⑸因此,来自人类的天堂和地狱就处于这样一个形式。

⑹那些只承认自然和人类谨慎的人构成地狱,而那些承认神和祂的圣治之人构成天堂。

⑺除非在人看来,他似乎凭自己思考,凭自己管理一切,否则这些事没有一样能实现。

193.⑴人的一切思维都来自他的生命之爱的情感;凡不是由这些情感所产生的思维都不存在,也不可能存在。在本书前面部分,以及《圣爱与圣智》一书,特别是该书第一部分和第五部分,我已经说明生命之爱,情感及其思维的本质,还说明由这些所产生、存在于身体中的感觉和行为的本质。既然这些是原因的源头,而人类的谨慎作为结果从原因流出,那么有必要在此对它们陈述一二。因为前面所写的内容无法与后面所写的内容紧密连贯起来,除非回顾前面的内容,并把它们放在一起来看。

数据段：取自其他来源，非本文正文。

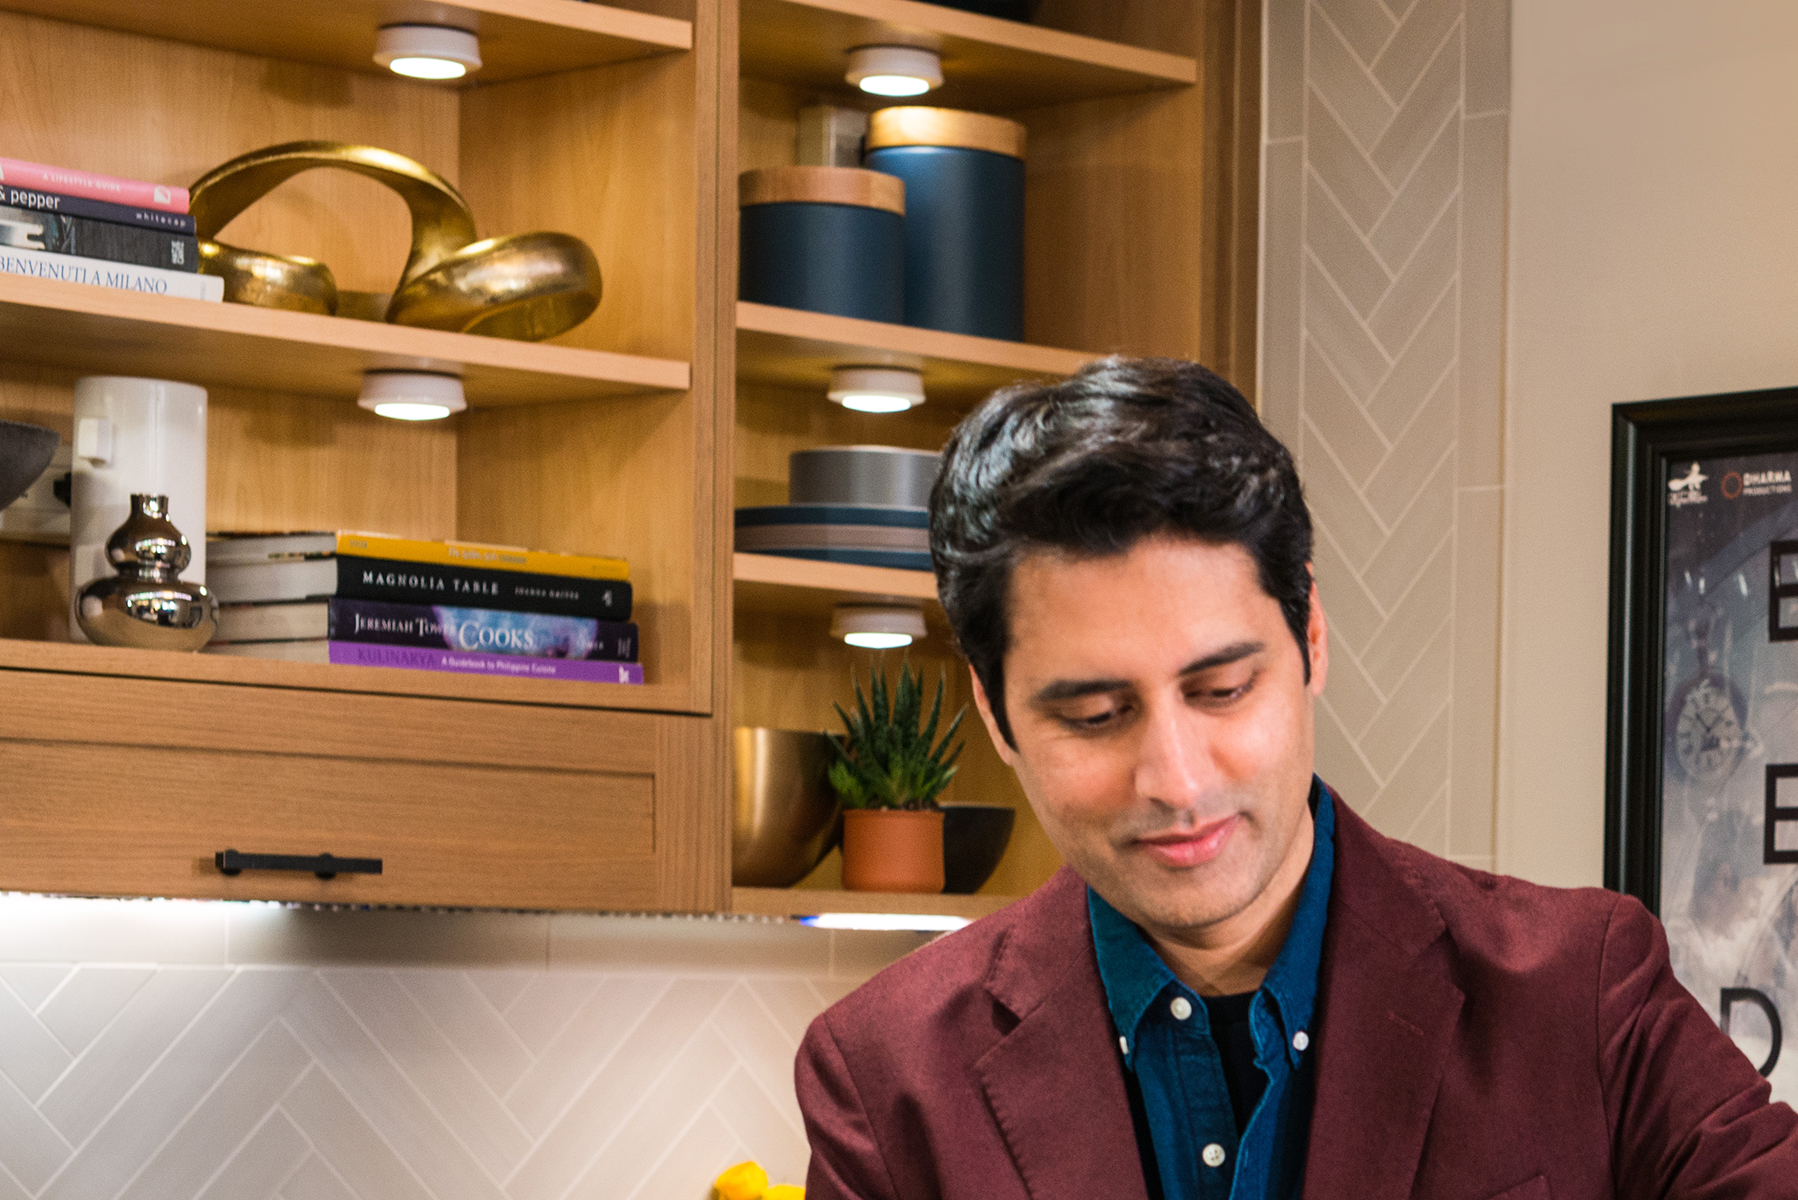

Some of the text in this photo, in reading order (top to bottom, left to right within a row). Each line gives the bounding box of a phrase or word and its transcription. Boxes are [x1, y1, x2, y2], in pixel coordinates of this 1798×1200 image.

[10, 189, 61, 210] pepper
[0, 256, 168, 295] BENVENUTI A MILANO
[362, 570, 500, 596] MAGNOLIA TABLE
[354, 613, 414, 635] JEREMIAH
[458, 620, 534, 650] COOKS

在本书前面部分和刚才所提到的《圣爱与圣智》一书,我已说明:主里面有神性之爱和神性智慧;这两者是生命本身;人从这两者中获得意愿和理解力,从神性之爱获得意愿,从神性智慧获得理解力;人体里面的心和肺对应于这两者。由此清楚可知,心跳和肺呼吸怎样一起掌管人的整个身体,意愿和理解力就怎样一起掌管人的整个心智。因此,如前所述,每个人里面都有两个生命原理,一个是属世的,一个是属灵的;生命的属世原理是心跳,生命的属灵原理是心智的意愿;它们各自都与自己的配偶结合,与它同居,并一起执行生命的功能;心与肺结合,意愿则与理解力结合。

既然意愿的灵魂是爱,理解力的灵魂是智慧,两者都来自主,那么可推知,爱是每个人的生命,并且是与智慧结合的那种生命;或也可说,意愿是每个人的生命,并且是与理解力结合的那种生命。关于该主题的详情,可参看本书的前面部分,以及《圣爱与圣智》一书,特别是该书的第一部分和第五部分。

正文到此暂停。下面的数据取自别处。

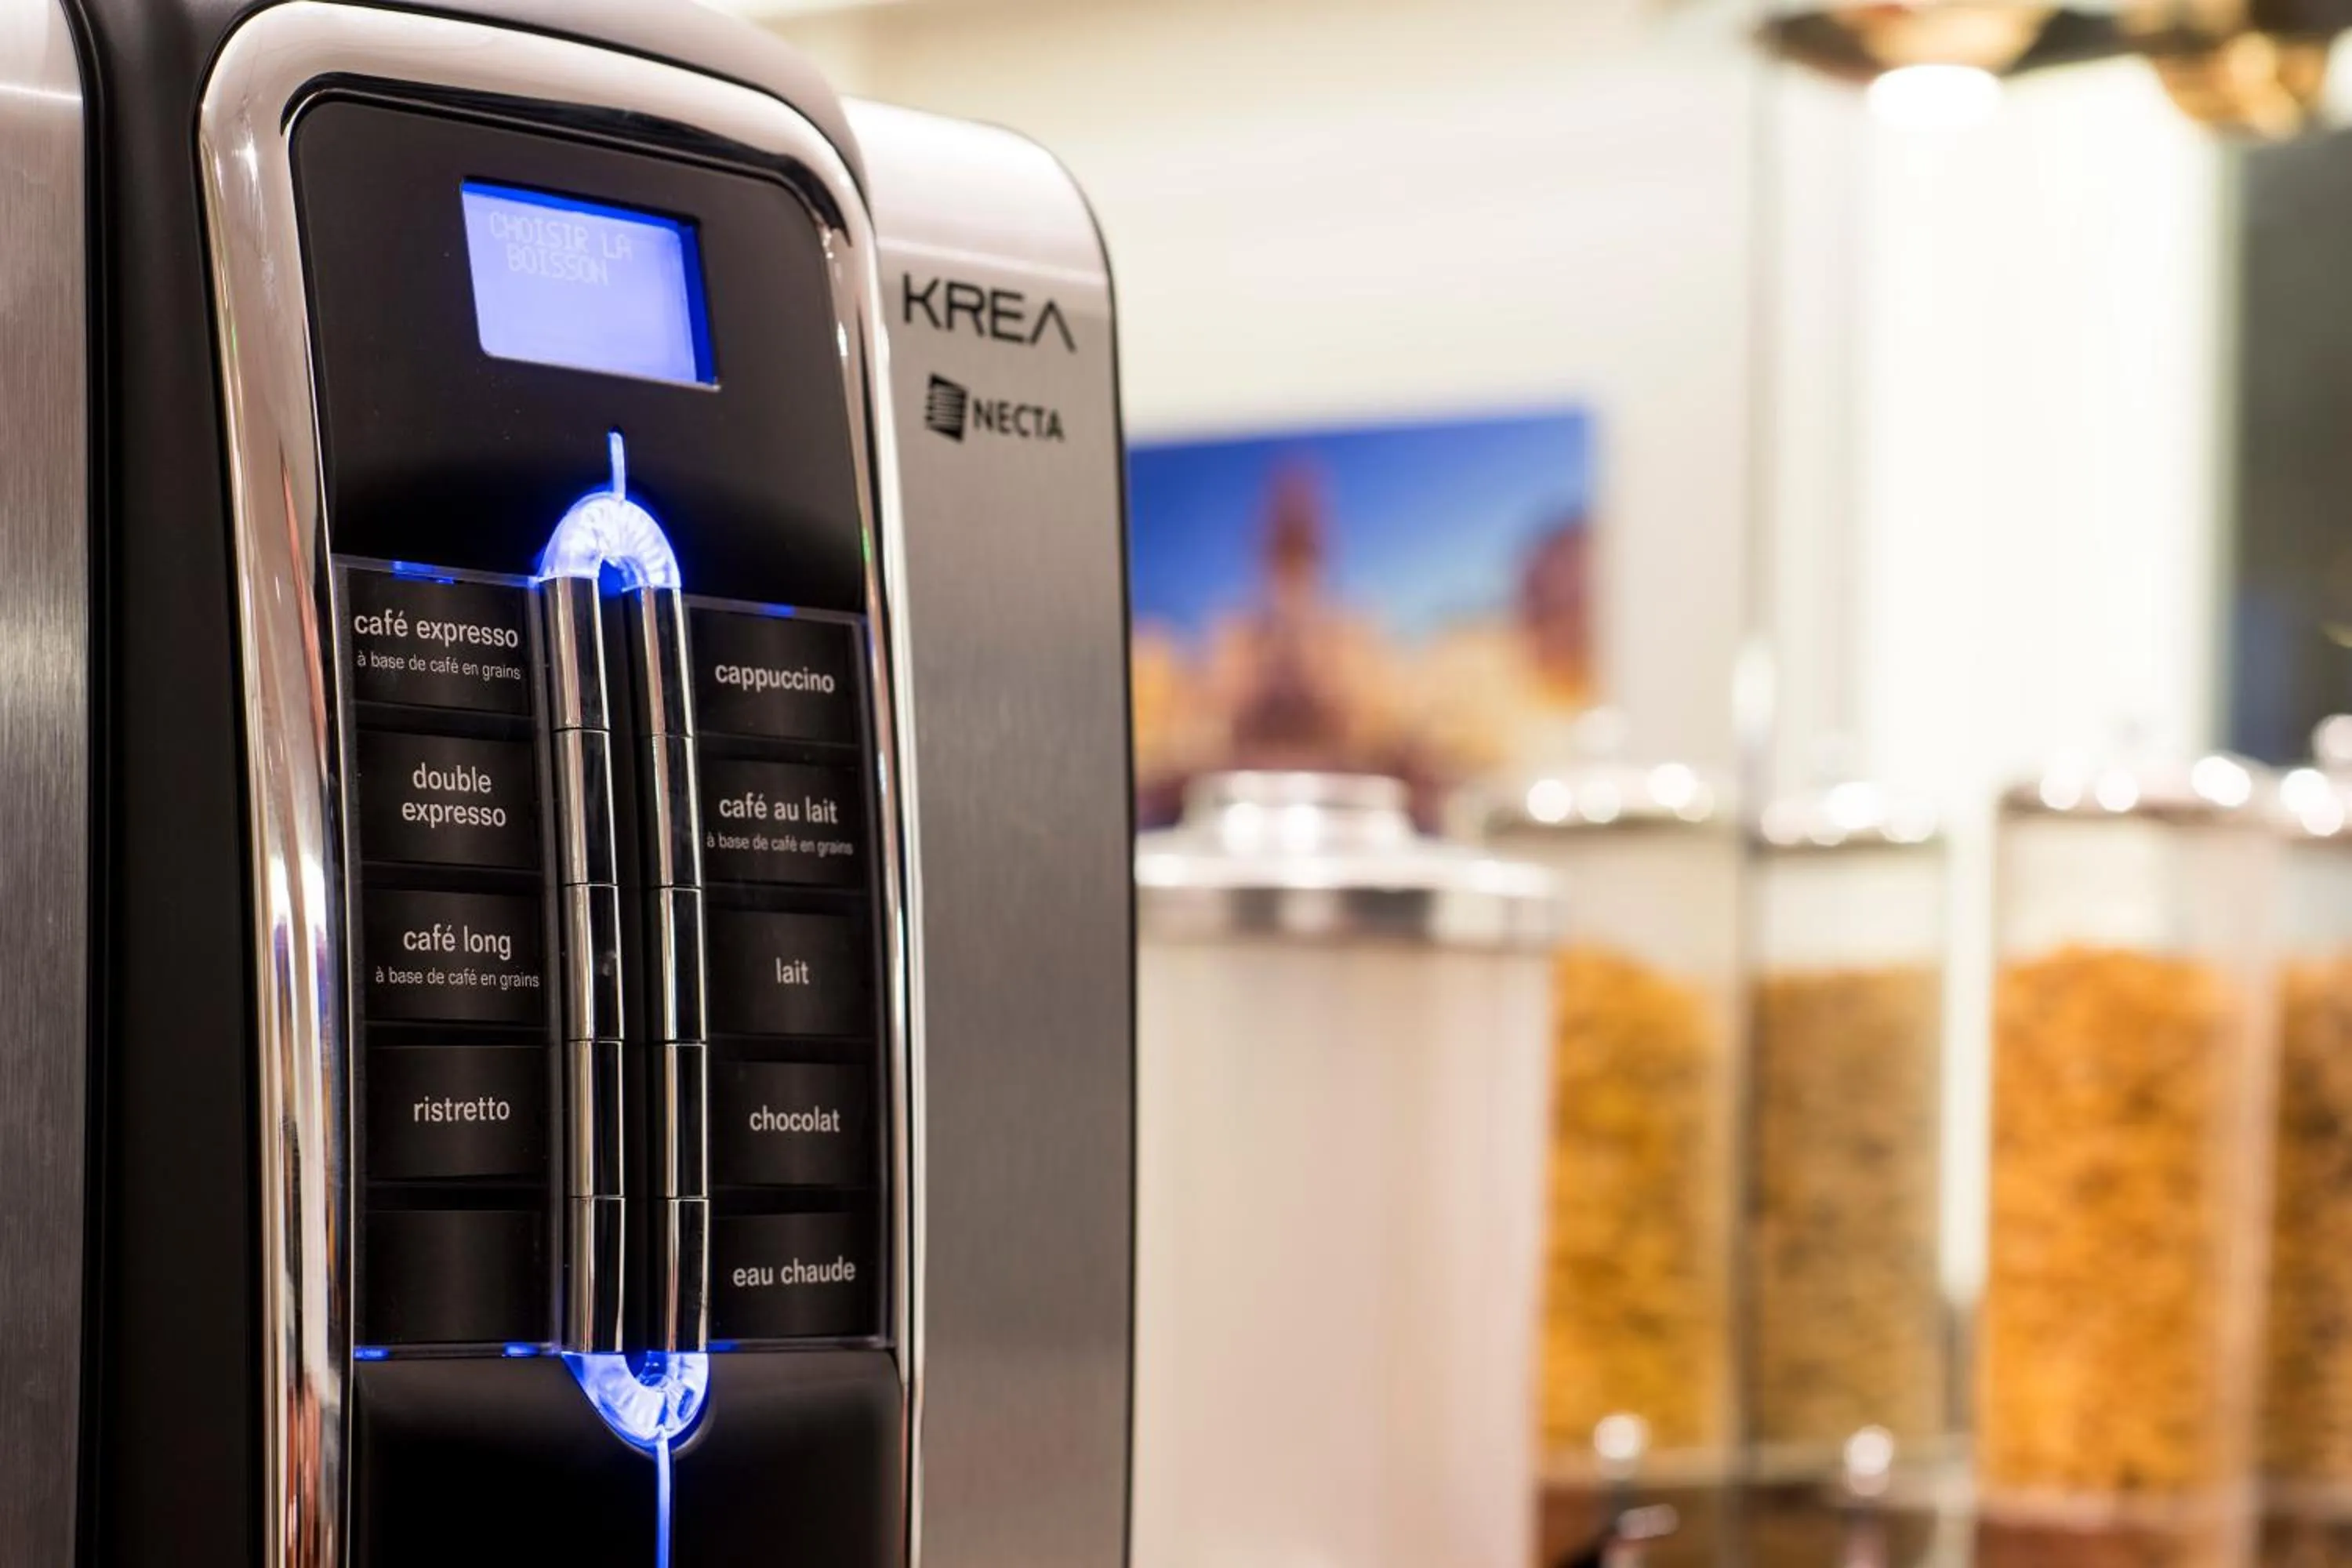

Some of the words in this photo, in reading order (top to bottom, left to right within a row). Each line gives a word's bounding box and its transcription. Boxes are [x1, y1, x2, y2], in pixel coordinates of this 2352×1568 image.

[506, 243, 608, 285] BOISSON
[902, 272, 1077, 354] KREA
[973, 397, 1065, 443] NECTA
[354, 608, 408, 637] café
[417, 619, 518, 648] expresso
[358, 650, 366, 666] à
[371, 652, 405, 670] base
[408, 655, 426, 671] de
[430, 656, 459, 674] café
[463, 661, 479, 676] en
[482, 663, 521, 681] grains
[715, 665, 835, 693] cappuccino
[413, 762, 492, 793] double
[402, 801, 506, 829] expresso
[719, 792, 767, 819] café
[774, 801, 799, 821] au
[805, 796, 838, 823] lait
[707, 832, 715, 848] à
[718, 833, 750, 849] base
[753, 833, 768, 851] de
[771, 834, 797, 851] café
[800, 840, 815, 852] en
[817, 840, 853, 857] grains
[403, 924, 456, 952] café
[463, 925, 511, 960] long
[376, 966, 384, 984] à
[388, 967, 423, 985] base
[427, 967, 445, 985] de
[448, 968, 477, 985] café
[481, 971, 496, 985] en
[499, 971, 540, 990] grains
[775, 957, 809, 985] lait
[413, 1096, 510, 1122] ristretto
[750, 1105, 840, 1133] chocolat
[732, 1267, 773, 1287] eau
[781, 1256, 856, 1284] chaude

194.在刚才所提到的《圣爱与圣智》一书,我已说明:生命之爱从自身产生被称为情感的从属之爱,这些情感既有外在的,也有内在的;它们合在一起时,可以说构成一个领地或王国,其中生命之爱是领主或国王。我还说明:这些从属的爱或情感各自与自己的配偶结合;内在情感的配偶被称为感知,外在情感的配偶被称为思维;它们各自与自己的配偶同居,执行各自的生命功能;又说明:每一对的结合都像生命存在与生命显现的结合,该结合具有这种性质,一个若没有另一个,就什么都不是;因为生命的存在若不显现,算什么呢?生命的显现若非来自生命存在,算什么呢?此外,生命里面的这种结合就像声音与和声,或声音与言语之间的结合,一般来说,就像心跳与肺呼吸之间的结合;该结合具有这种性质:一个若没有另一个,就什么都不是,并且各自都通过与对方结合而成为某种东西。要么它们里面必须有结合,要么结合必须通过它们产生。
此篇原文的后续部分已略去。